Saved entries
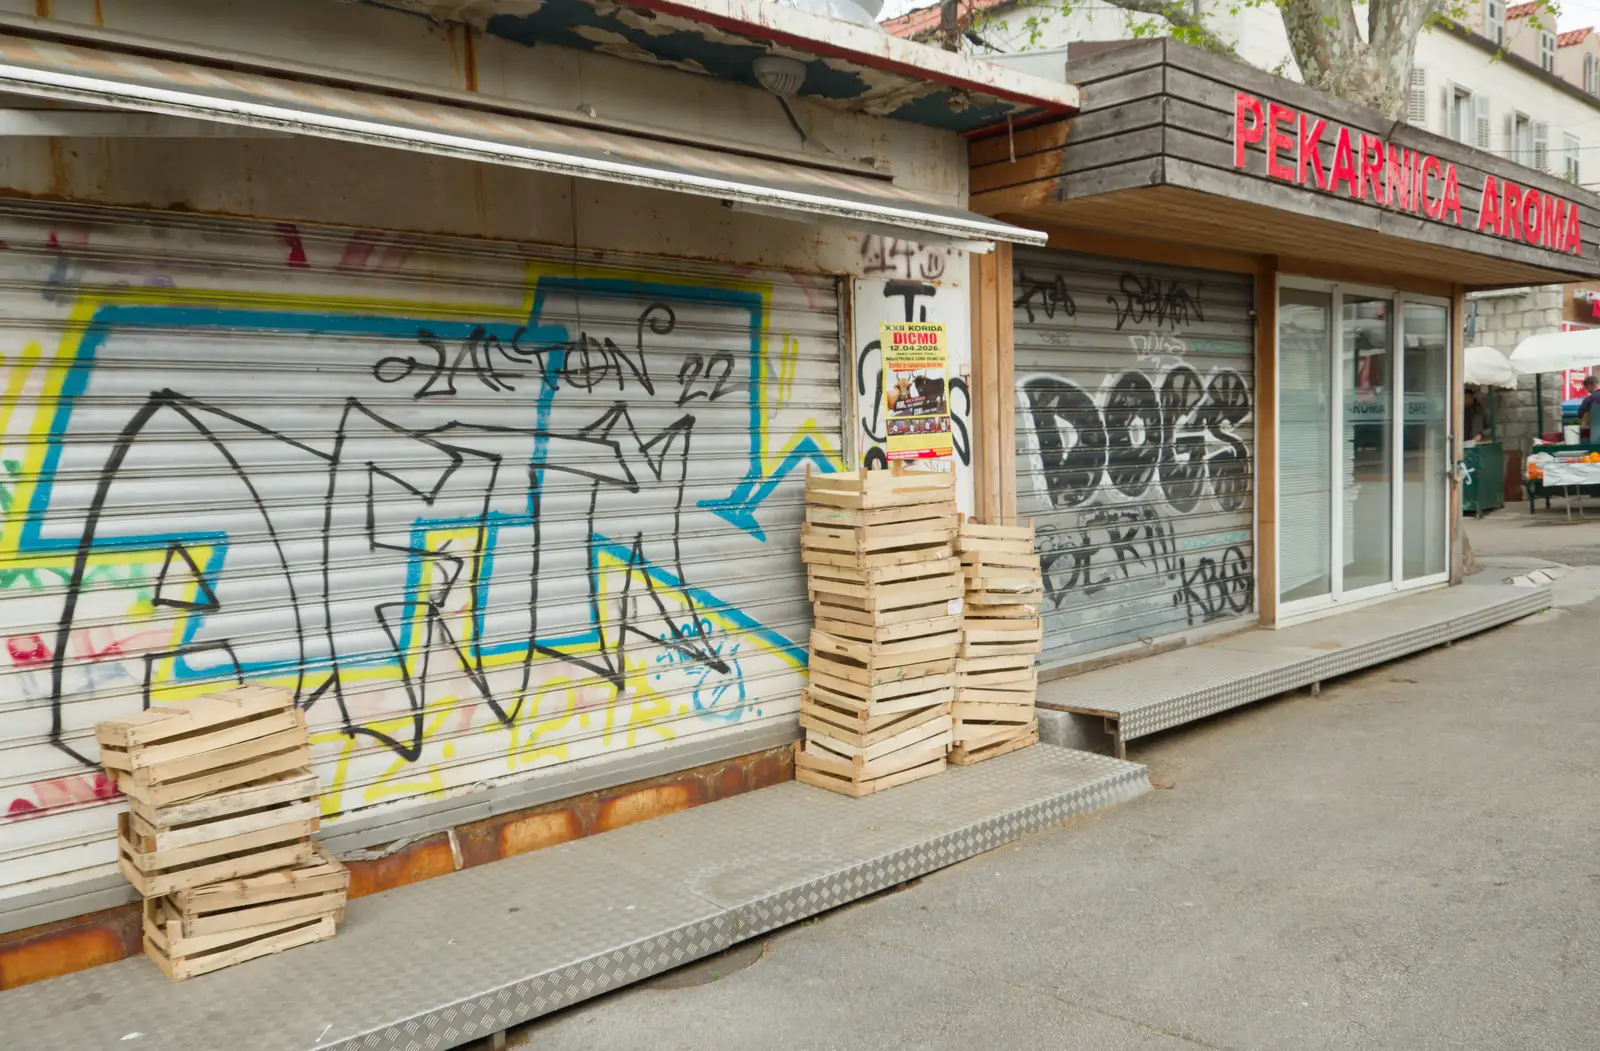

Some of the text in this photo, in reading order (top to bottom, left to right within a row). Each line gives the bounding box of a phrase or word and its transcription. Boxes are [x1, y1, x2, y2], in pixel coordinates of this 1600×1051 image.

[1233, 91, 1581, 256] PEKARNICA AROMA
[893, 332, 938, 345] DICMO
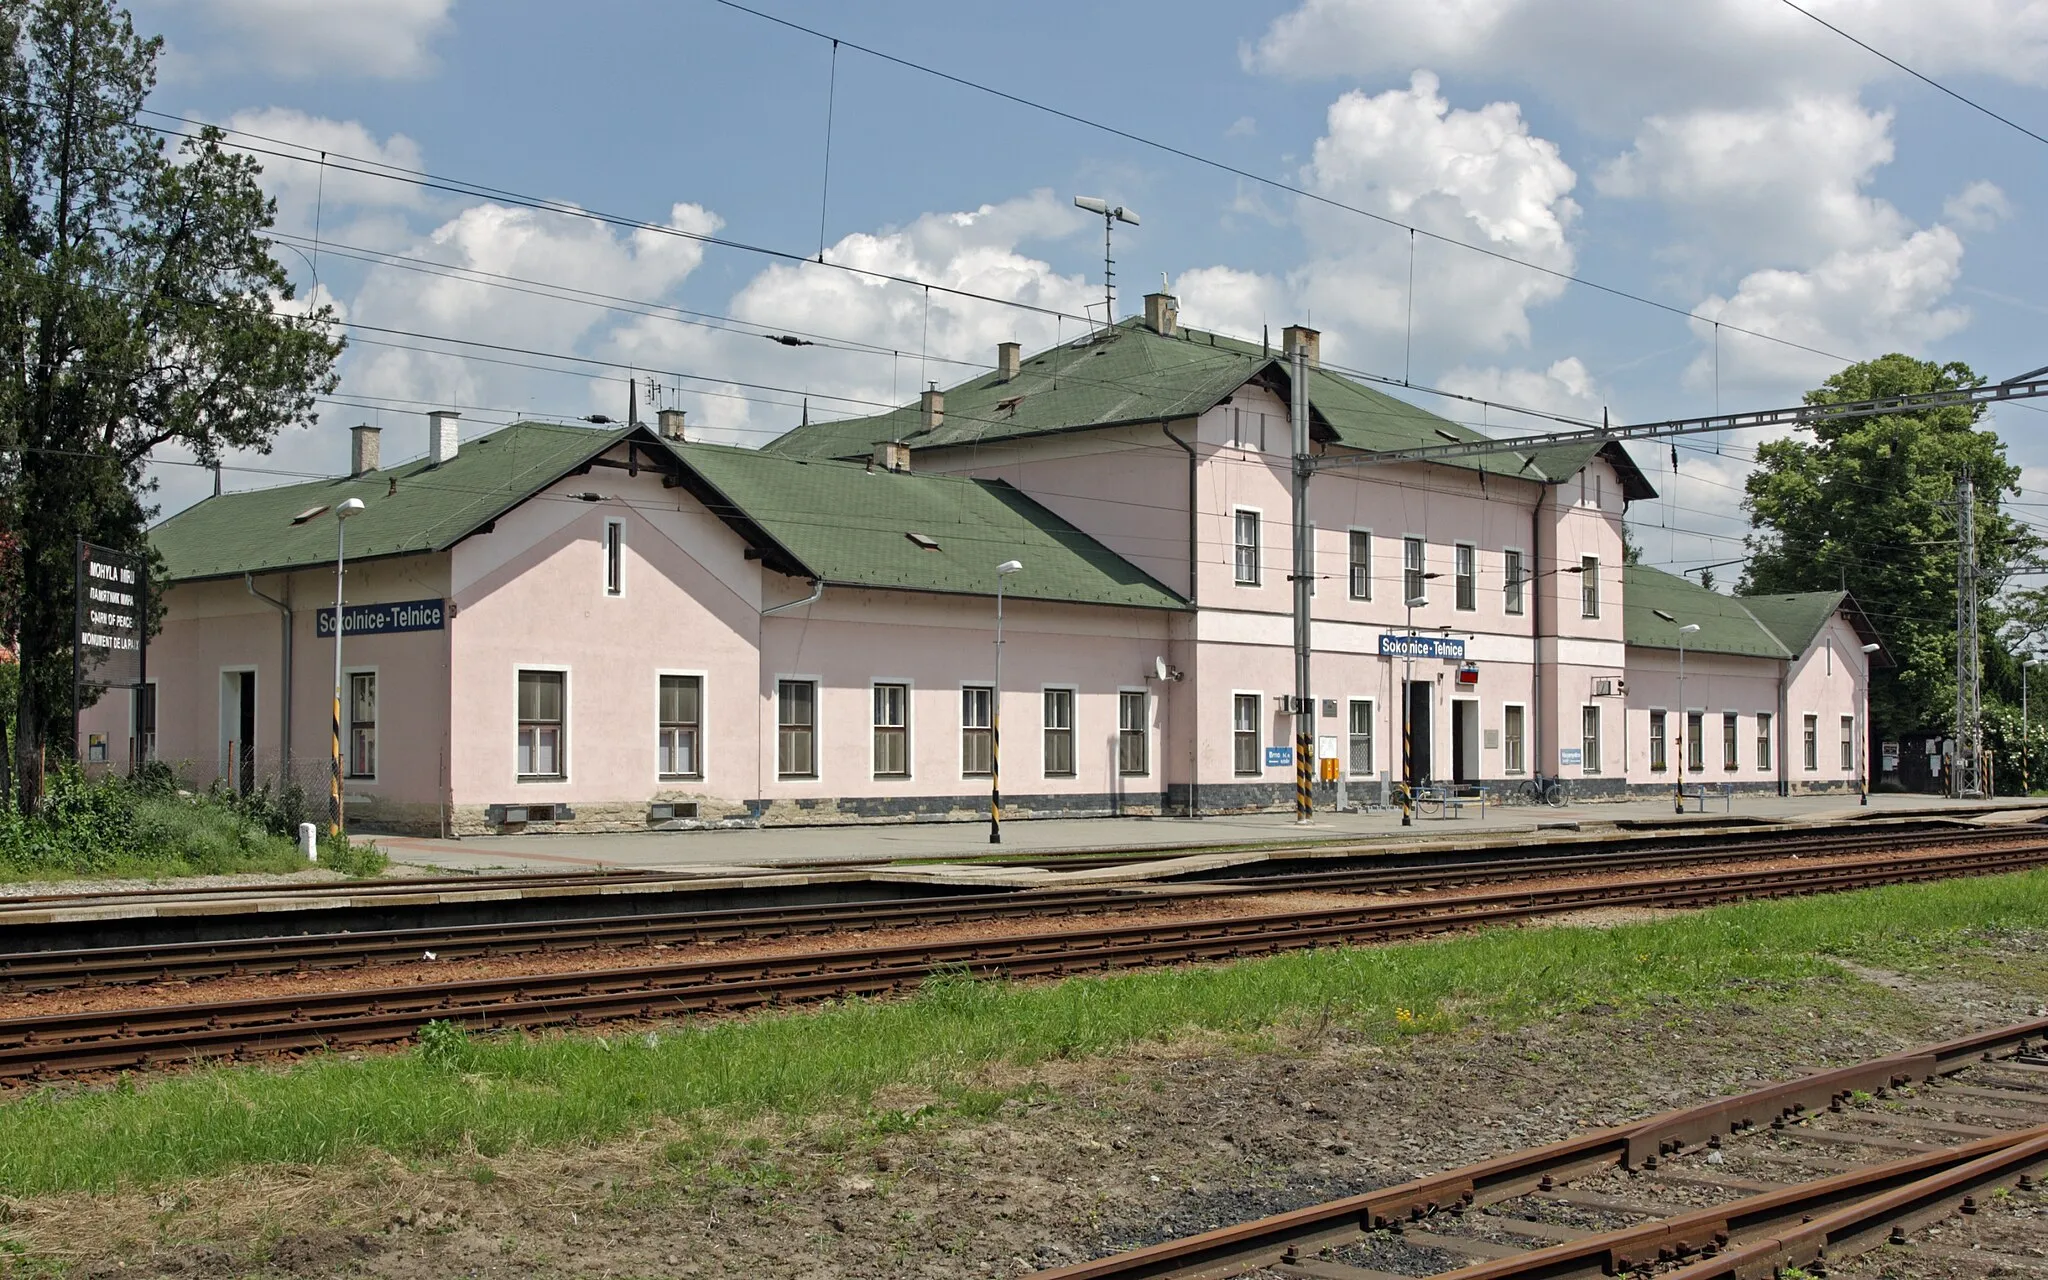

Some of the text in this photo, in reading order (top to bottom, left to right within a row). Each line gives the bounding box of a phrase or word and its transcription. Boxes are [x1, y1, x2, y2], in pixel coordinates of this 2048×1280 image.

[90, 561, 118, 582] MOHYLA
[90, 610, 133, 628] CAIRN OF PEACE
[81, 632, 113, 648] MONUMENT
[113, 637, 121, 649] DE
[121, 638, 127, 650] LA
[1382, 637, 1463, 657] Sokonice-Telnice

What this task involves –
Please set down every line of the data above precisely, dropping the images.

Solved problem –
Some of the text in this photo, in reading order (top to bottom, left to right within a row). Each line gives the bounding box of a phrase or word and its transcription. Boxes are [x1, y1, x2, y2], in pixel coordinates of this 1600×1051 image.

[1233, 91, 1581, 256] PEKARNICA AROMA
[893, 332, 938, 345] DICMO

Some of the text in this photo, in reading order (top to bottom, left to right within a row). Each line gives the bounding box of a phrase or word and its transcription. Boxes are [x1, y1, x2, y2], in pixel coordinates of this 2048×1280 image.

[90, 561, 118, 582] MOHYLA
[90, 610, 133, 628] CAIRN OF PEACE
[81, 632, 113, 648] MONUMENT
[113, 637, 121, 649] DE
[121, 638, 127, 650] LA
[1382, 637, 1463, 657] Sokonice-Telnice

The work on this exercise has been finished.